Detailed Narrative
Q4 and FY26 Performance Overview
Denta Water reported a strong FY26, with revenue from operations increasing by over 23% to ₹250.38 crores compared to the previous year. EBITDA grew to ₹83.49 crores, and profit after tax reached ₹60.9 crores. The company's Q4 FY26 revenue from operations was ₹55.312 crores, a modest increase from ₹54.152 crores in Q4 FY25, while the Q4 EBITDA margin stood at 19%, a notable decrease from the 33% observed in prior quarters.
Robust Order Book and Future Visibility
As of March 31, 2026, Denta Water's outstanding order book was approximately ₹727.8 crores across 38 ongoing projects, primarily concentrated in the water management segment (90%). While the order book saw a reduction from ₹841 crores in December 2025 due to the completion of old projects, management is aggressively bidding for new tenders, with a pipeline of 5-6 projects valued at around ₹600 crores.
Strategic Focus on Water Infrastructure and Technology
The company continues to strengthen its position in water infrastructure, specializing in groundwater recharging, drinking water supply, irrigation, and wastewater management. Denta is adopting new technologies like NEBR and CAMUS-based systems for sewage treatment plants, aiming for 95% purity. The company also subcontracts some patented technology work to focus on its core areas and maintain long-term profit margins.
Impact of Government Transition and Payment Delays
The change in government in Karnataka led to a period of reduced activity in tender floating and payment processing for about six months. However, the new government is now actively pushing infrastructure projects, particularly under the Jal Jivan Mission and Amrut 2 schemes. Management anticipates aggressive payment cycles to resume from July or August, which is crucial for project cash flows.

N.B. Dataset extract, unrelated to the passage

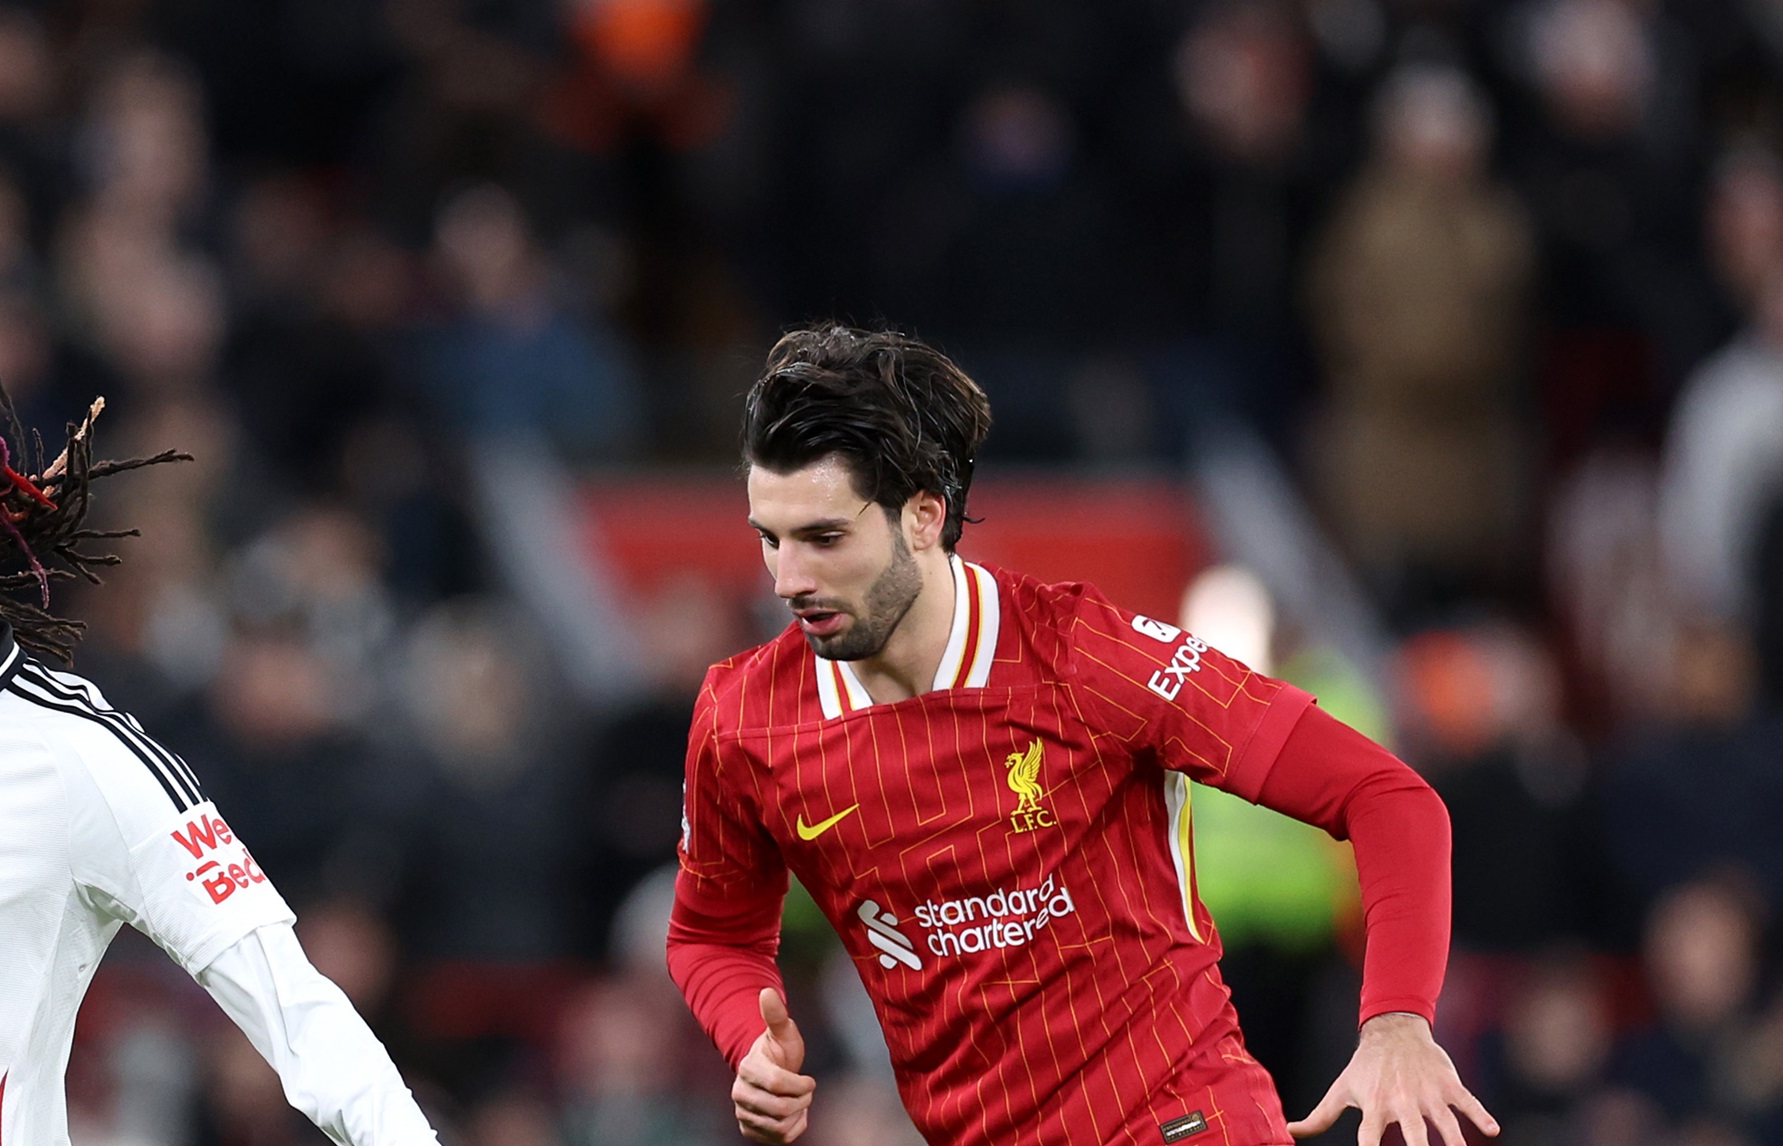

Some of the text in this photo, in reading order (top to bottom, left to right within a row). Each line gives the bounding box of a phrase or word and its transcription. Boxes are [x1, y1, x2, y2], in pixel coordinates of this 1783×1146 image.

Raw Material Cost Pressures and Mitigation
Denta Water faced increased raw material costs, particularly for UPVC and HDP pipes (representing 20-30% of total raw materials), due to the Iran-US war in Q4 FY26 and into April/May. The company is actively negotiating with suppliers and had placed supply orders long back, anticipating some price variations, to minimize the impact.
FY27 Outlook and Margin Management
For FY27, Denta Water projects a minimum revenue growth of 20% and aims to maintain an EBITDA margin of roughly 25%. Management emphasized balancing large, long-term profit margin projects with smaller, quicker completion projects to ensure both volume growth and sustained profitability, despite the Q4 margin compression.
Working Capital Management and Geographic Diversification
The company acknowledged approximately ₹295 crores tied up in working capital (inventory, other assets, share receivable) and expects to liquidate about 60% of this by December/January. Denta is also actively pursuing geographic expansion beyond Karnataka, with shortlisted projects in Madhya Pradesh and Orissa under the National Water Management Program, aiming to derisk its operations and secure new work orders.